UT’s complaint alleges that HRSA’s May 17 letter is arbitrary, capricious, an abuse of discretion and in violation of the Federal Administrative Procedure Act, as well as a violation of the 340B statute.  UT asks the court to declare 1) that the 340B statute does not require manufacturers to provide 340B discounts to contract pharmacies, 2) that UT’s contract pharmacy policy is fully compliant with the 340B statute, 3) that UT should not be subject to civil monetary penalties, and 4) that the May 17 letter is unlawful.  UT further asks the court to vacate the May 17 letter and prohibit HHS from taking any enforcement action against UT.

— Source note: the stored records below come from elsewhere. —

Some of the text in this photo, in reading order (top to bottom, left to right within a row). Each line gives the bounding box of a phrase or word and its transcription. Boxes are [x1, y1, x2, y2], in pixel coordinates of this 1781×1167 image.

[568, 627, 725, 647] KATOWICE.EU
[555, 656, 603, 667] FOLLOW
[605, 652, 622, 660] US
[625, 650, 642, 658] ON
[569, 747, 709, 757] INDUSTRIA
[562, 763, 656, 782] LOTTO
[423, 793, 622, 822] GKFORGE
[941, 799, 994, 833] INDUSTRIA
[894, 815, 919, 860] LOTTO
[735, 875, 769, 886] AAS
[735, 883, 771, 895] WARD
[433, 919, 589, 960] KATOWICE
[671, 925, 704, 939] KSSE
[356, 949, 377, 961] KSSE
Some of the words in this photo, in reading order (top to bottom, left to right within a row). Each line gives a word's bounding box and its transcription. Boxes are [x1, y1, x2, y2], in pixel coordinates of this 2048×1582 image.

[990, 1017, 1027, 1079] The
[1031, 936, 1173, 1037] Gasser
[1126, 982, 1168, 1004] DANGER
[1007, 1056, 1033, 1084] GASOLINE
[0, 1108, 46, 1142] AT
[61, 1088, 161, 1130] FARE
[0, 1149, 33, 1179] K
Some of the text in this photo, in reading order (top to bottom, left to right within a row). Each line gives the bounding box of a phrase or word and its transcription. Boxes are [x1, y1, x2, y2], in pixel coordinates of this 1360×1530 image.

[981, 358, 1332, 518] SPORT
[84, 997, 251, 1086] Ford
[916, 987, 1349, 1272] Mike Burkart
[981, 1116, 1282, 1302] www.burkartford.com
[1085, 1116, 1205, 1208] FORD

Similar to the other manufacturer lawsuits, UT bases its allegations on the argument that the contract pharmacy program “creates a massive revenue stream for national for-profit pharmacy chains” and that growth in contract pharmacy arrangements has led to risks in the integrity of the 340B program.  However, UT fails to explain that covered entities provide massive amounts of uncompensated or undercompensated care and other safety net services by virtue of 340B savings and revenue, much of which is obtained through contract pharmacy arrangements.

UT is the second manufacturer to file a lawsuit in the DC District Court.  On May 31, Novartis filed a lawsuit in the same court and the cases are assigned to the same judge.   The judge determined that it would be most efficient to consider motions filed in both lawsuits simultaneously.  The judge ordered attorneys from Novartis and UT to meet and report to the court: (1) whether the two manufacturers will consent to consolidating their motions for a preliminary injunction with an expedited ruling on the manufacturers’ cross-motions for summary judgment; and (2) if so, whether the current briefing schedules should be modified.